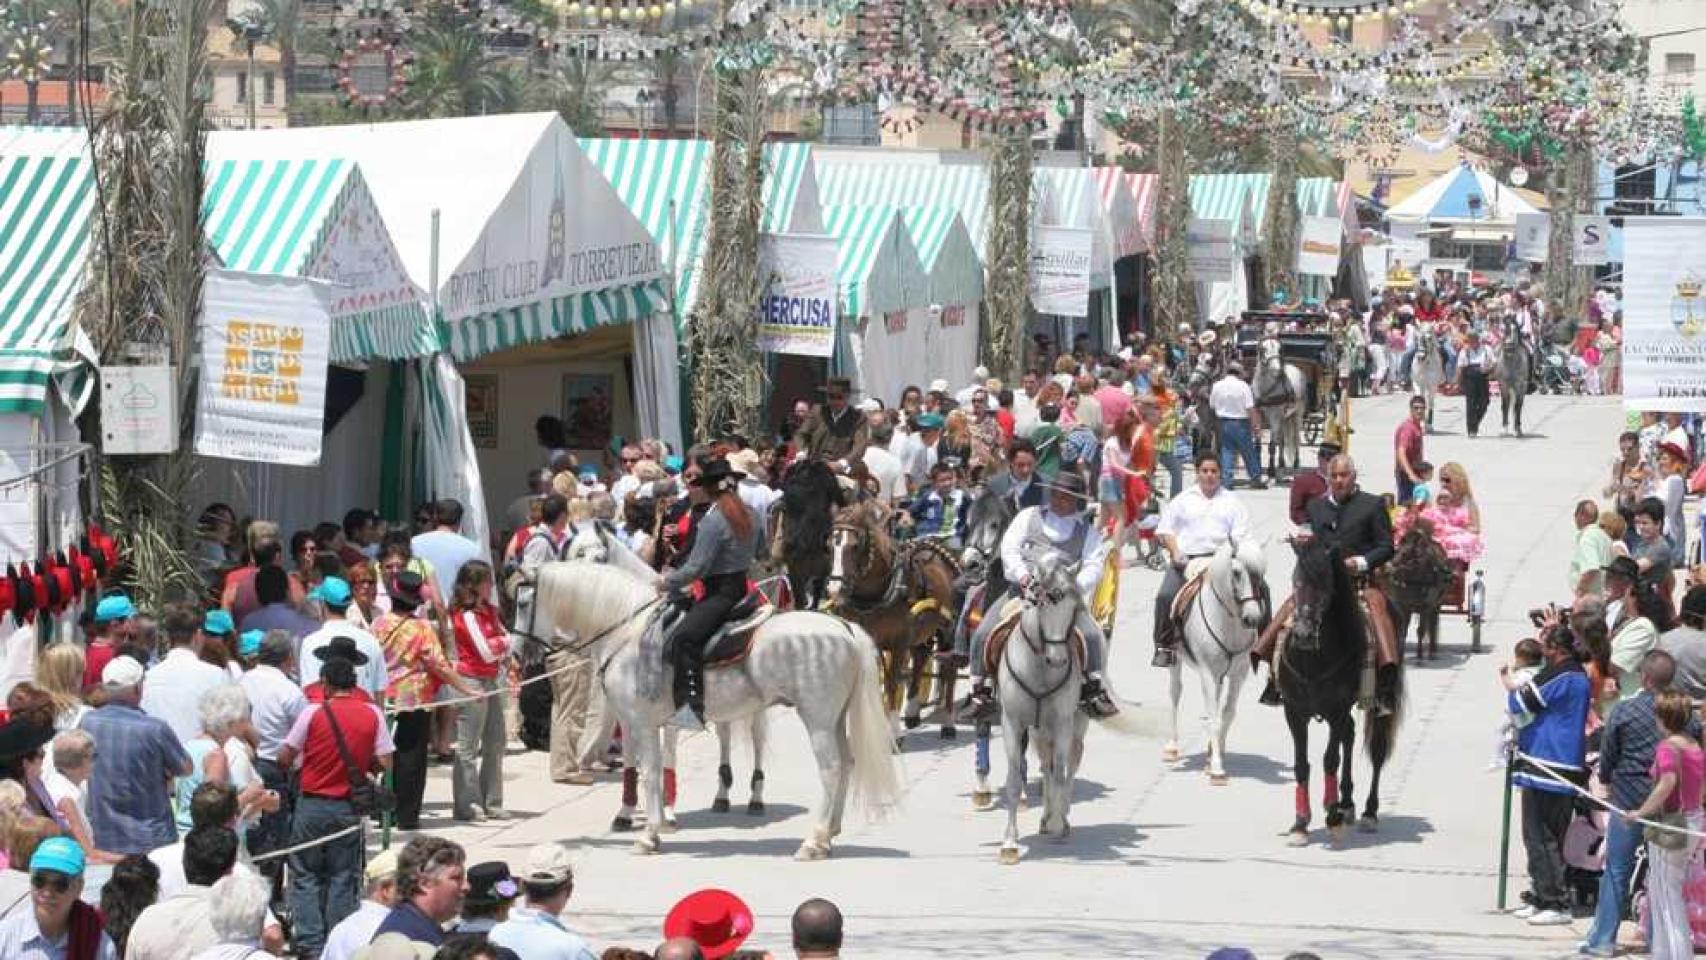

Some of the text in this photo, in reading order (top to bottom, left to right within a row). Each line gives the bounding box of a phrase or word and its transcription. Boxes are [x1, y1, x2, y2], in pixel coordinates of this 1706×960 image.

[1583, 224, 1600, 245] S
[502, 260, 539, 300] CLUB
[568, 240, 658, 288] TORREVIEJA
[759, 296, 831, 328] HERCUSA
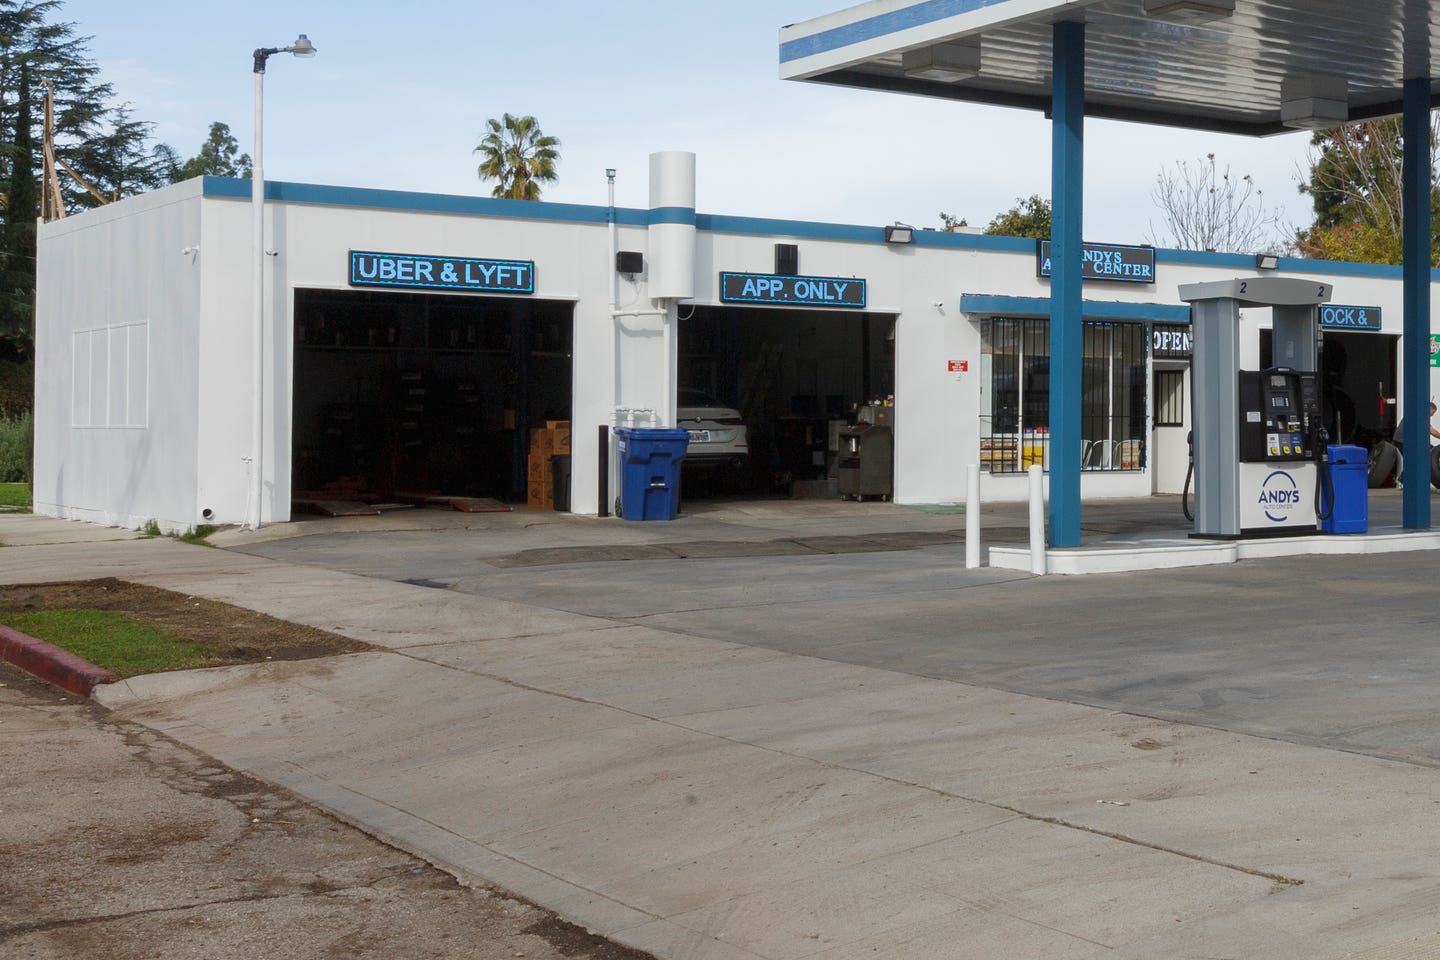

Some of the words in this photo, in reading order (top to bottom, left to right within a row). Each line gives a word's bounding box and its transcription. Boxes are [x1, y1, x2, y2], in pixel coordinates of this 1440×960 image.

[1082, 250, 1122, 264] NDYS
[359, 257, 434, 281] UBER
[440, 262, 458, 283] &
[465, 263, 527, 286] LYFT
[1093, 262, 1151, 277] CENTER
[742, 278, 788, 298] APP.
[794, 281, 848, 300] ONLY
[1240, 282, 1247, 294] 2
[1317, 286, 1325, 297] 2
[1358, 309, 1368, 326] &
[1258, 490, 1300, 504] ANDYS
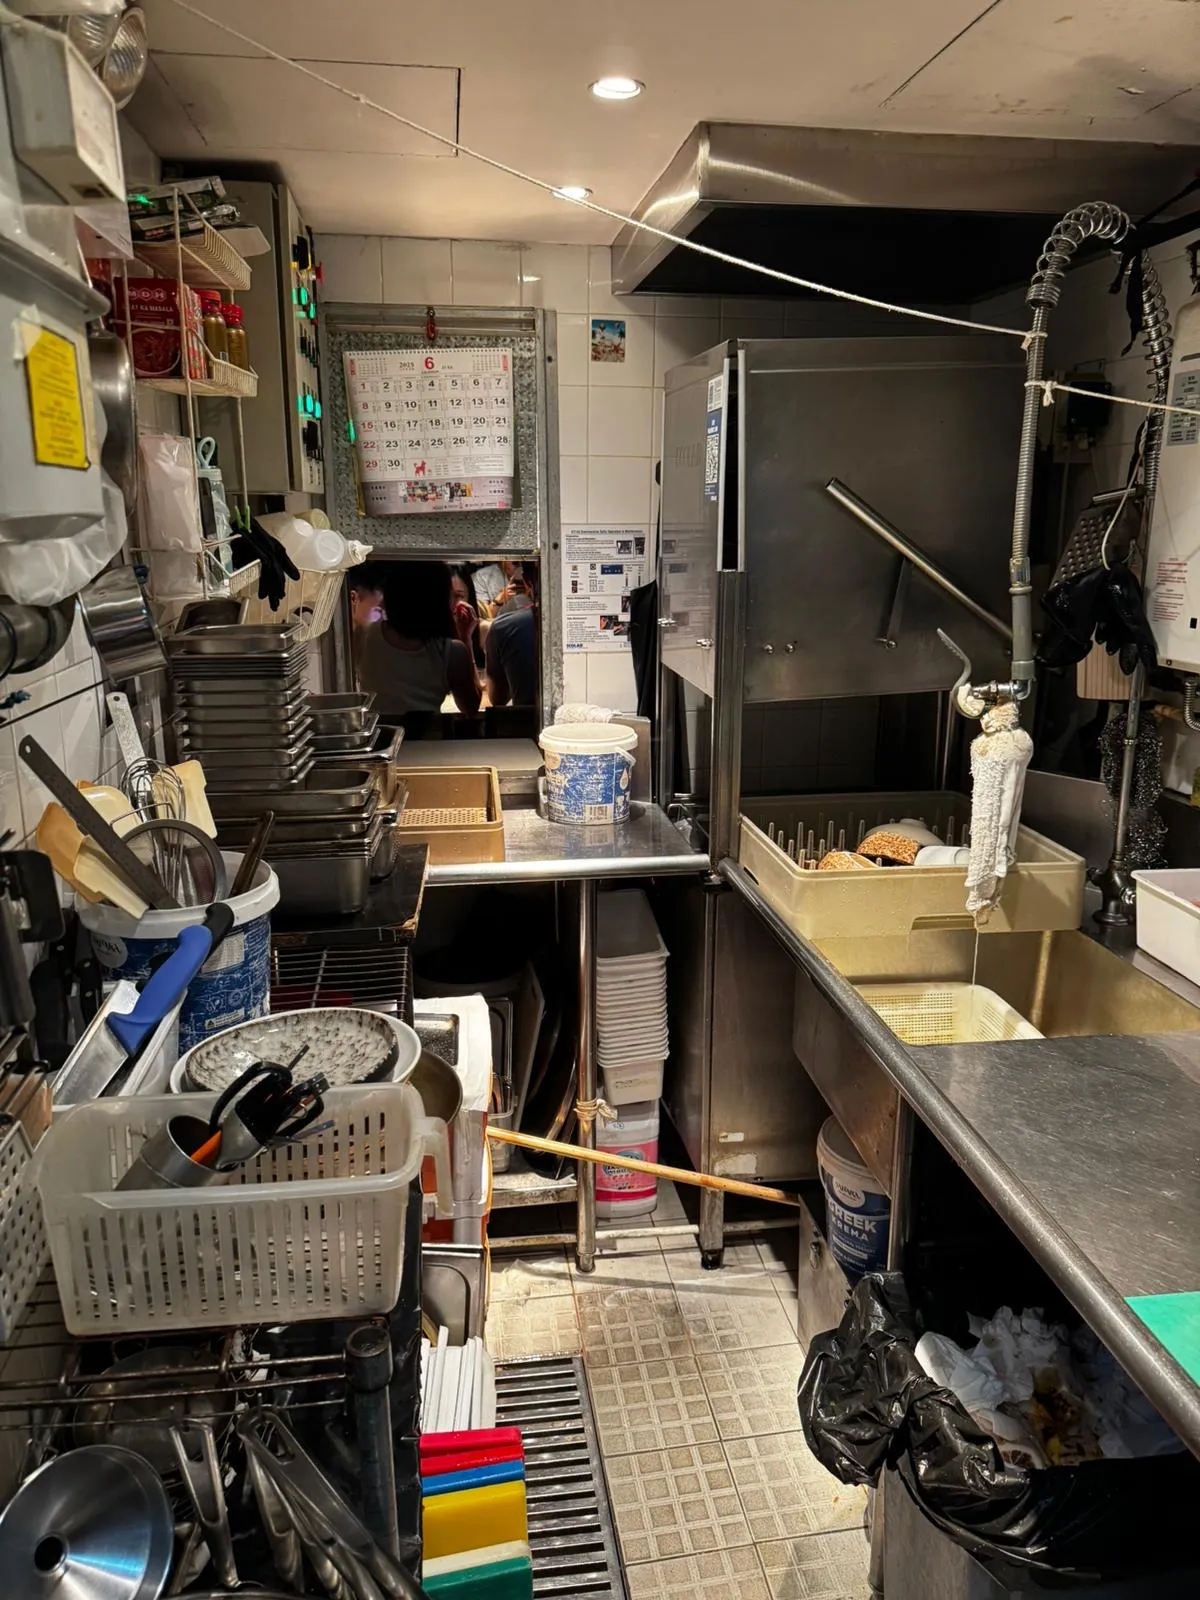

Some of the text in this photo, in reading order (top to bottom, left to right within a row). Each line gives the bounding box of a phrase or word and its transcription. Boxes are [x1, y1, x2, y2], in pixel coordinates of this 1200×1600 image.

────

• [Action item]: Hand back the data above exactly, with no images.

• [Response box]:
Some of the text in this photo, in reading order (top to bottom, left to right within a row). Each line gives the bounding box of a phrase or word and its transcription. Boxes are [x1, y1, x2, y2], in pixel coordinates of this 1706×960 image.

[1583, 224, 1600, 245] S
[502, 260, 539, 300] CLUB
[568, 240, 658, 288] TORREVIEJA
[759, 296, 831, 328] HERCUSA

Some of the words in this photo, in reading order (top to bottom, left to right within a row). Each line gives a word's bounding box and its transcription. Boxes are [x1, y1, x2, y2], in pixel coordinates of this 1440×960 image.

[1082, 250, 1122, 264] NDYS
[359, 257, 434, 281] UBER
[440, 262, 458, 283] &
[465, 263, 527, 286] LYFT
[1093, 262, 1151, 277] CENTER
[742, 278, 788, 298] APP.
[794, 281, 848, 300] ONLY
[1240, 282, 1247, 294] 2
[1317, 286, 1325, 297] 2
[1358, 309, 1368, 326] &
[1258, 490, 1300, 504] ANDYS

Some of the text in this photo, in reading order (top to bottom, left to right within a row). Each line gives the bounding box of a phrase or word and its transcription. Boxes are [x1, y1, x2, y2], in pixel coordinates of this 1200×1600 image.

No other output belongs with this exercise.